» **EXERCISE DATA**
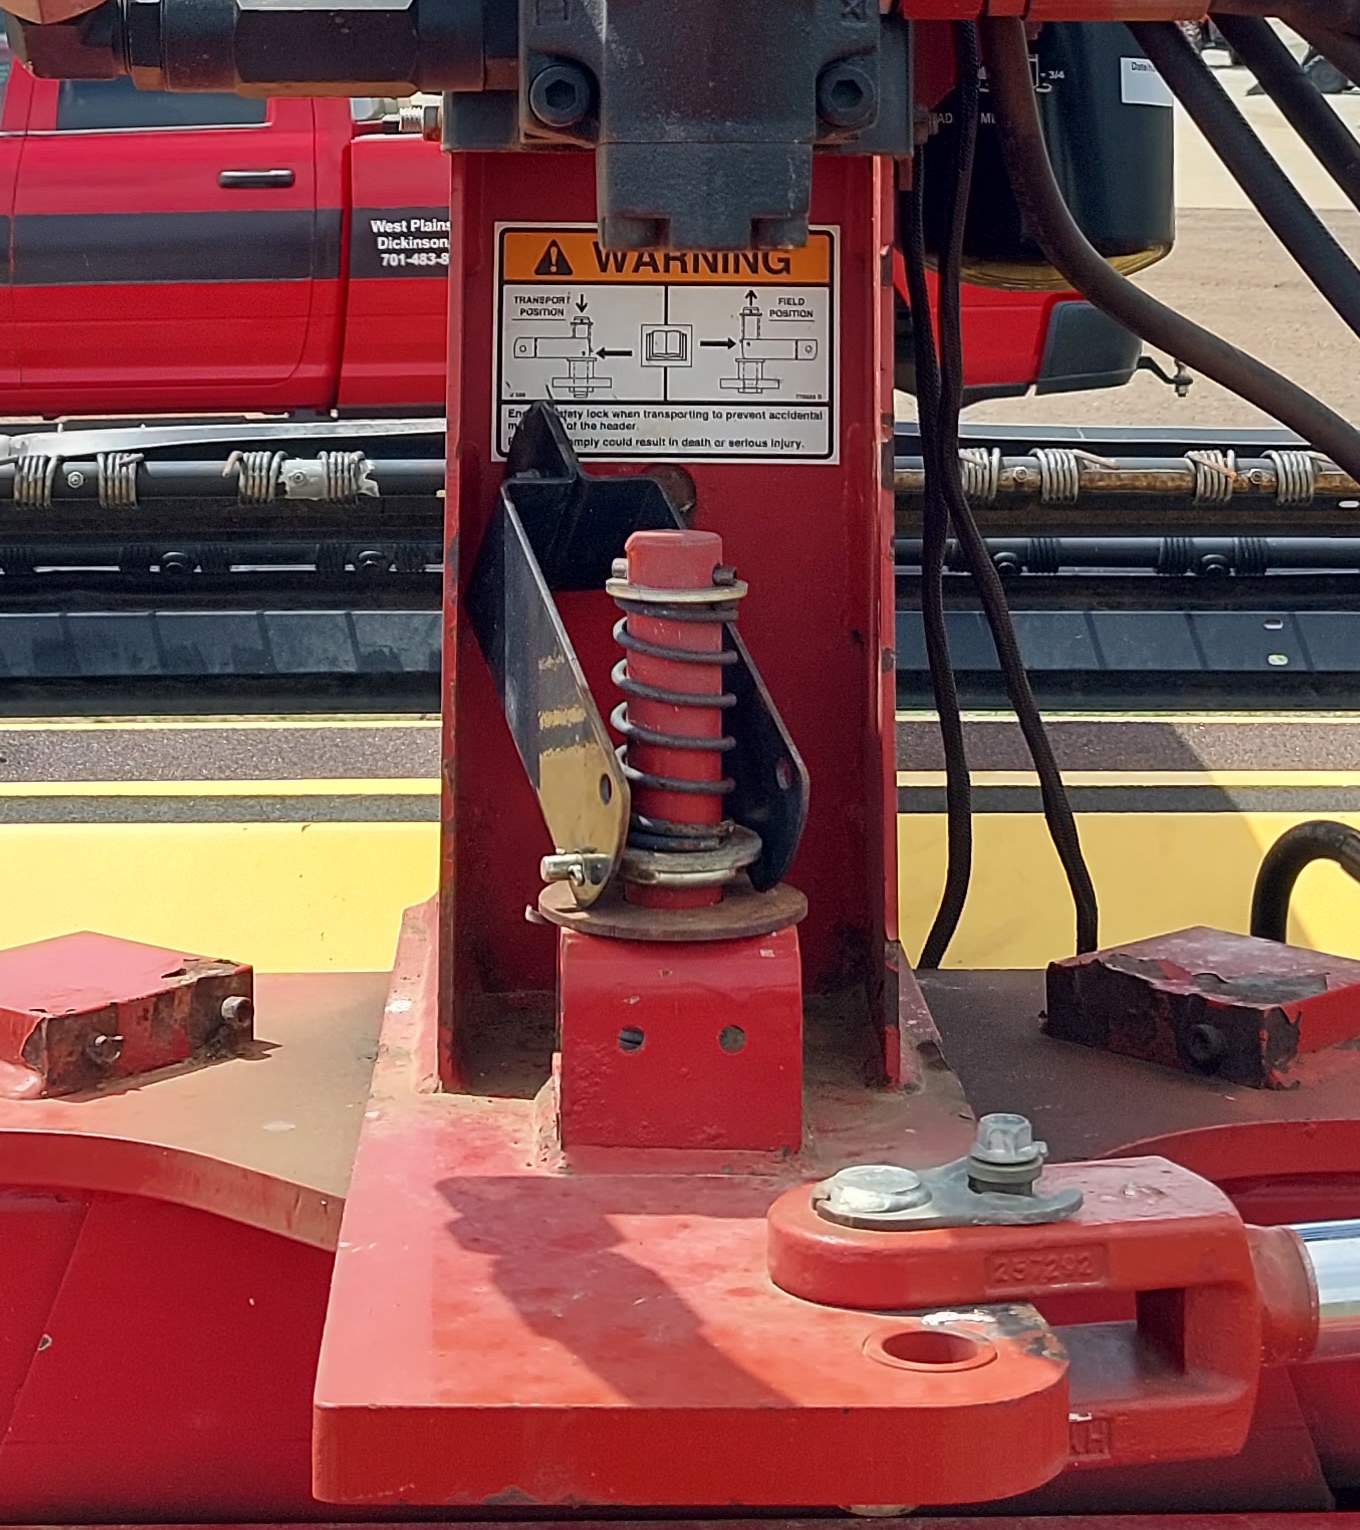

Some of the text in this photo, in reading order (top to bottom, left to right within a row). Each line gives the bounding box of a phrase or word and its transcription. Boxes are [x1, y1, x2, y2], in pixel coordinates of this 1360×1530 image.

[370, 220, 407, 233] West
[592, 240, 791, 275] WARNING
[513, 295, 572, 306] TRANSPORT
[778, 297, 806, 307] FIELD
[519, 307, 565, 318] POSITION
[769, 308, 815, 319] POSITION
[587, 409, 609, 419] lock
[612, 409, 640, 419] when
[643, 409, 709, 422] transporting
[712, 410, 723, 420] to
[725, 410, 766, 422] prevent
[769, 410, 823, 421] accidental
[566, 422, 577, 431] of
[580, 422, 597, 431] the
[602, 436, 633, 447] could
[636, 437, 665, 447] result
[668, 437, 678, 447] in
[681, 437, 711, 448] death
[714, 439, 726, 448] or
[728, 437, 768, 448] serious

» **ACTIVITY**
Each record above must be returned exactly as written, with its pictures omitted.

» **ANSWER BOX**
Some of the text in this photo, in reading order (top to bottom, left to right within a row). Each line gives the bounding box of a phrase or word and its transcription. Boxes are [x1, y1, x2, y2], in pixel coordinates of this 1360×1530 image.

[370, 220, 407, 233] West
[592, 240, 791, 275] WARNING
[513, 295, 572, 306] TRANSPORT
[778, 297, 806, 307] FIELD
[519, 307, 565, 318] POSITION
[769, 308, 815, 319] POSITION
[587, 409, 609, 419] lock
[612, 409, 640, 419] when
[643, 409, 709, 422] transporting
[712, 410, 723, 420] to
[725, 410, 766, 422] prevent
[769, 410, 823, 421] accidental
[566, 422, 577, 431] of
[580, 422, 597, 431] the
[602, 436, 633, 447] could
[636, 437, 665, 447] result
[668, 437, 678, 447] in
[681, 437, 711, 448] death
[714, 439, 726, 448] or
[728, 437, 768, 448] serious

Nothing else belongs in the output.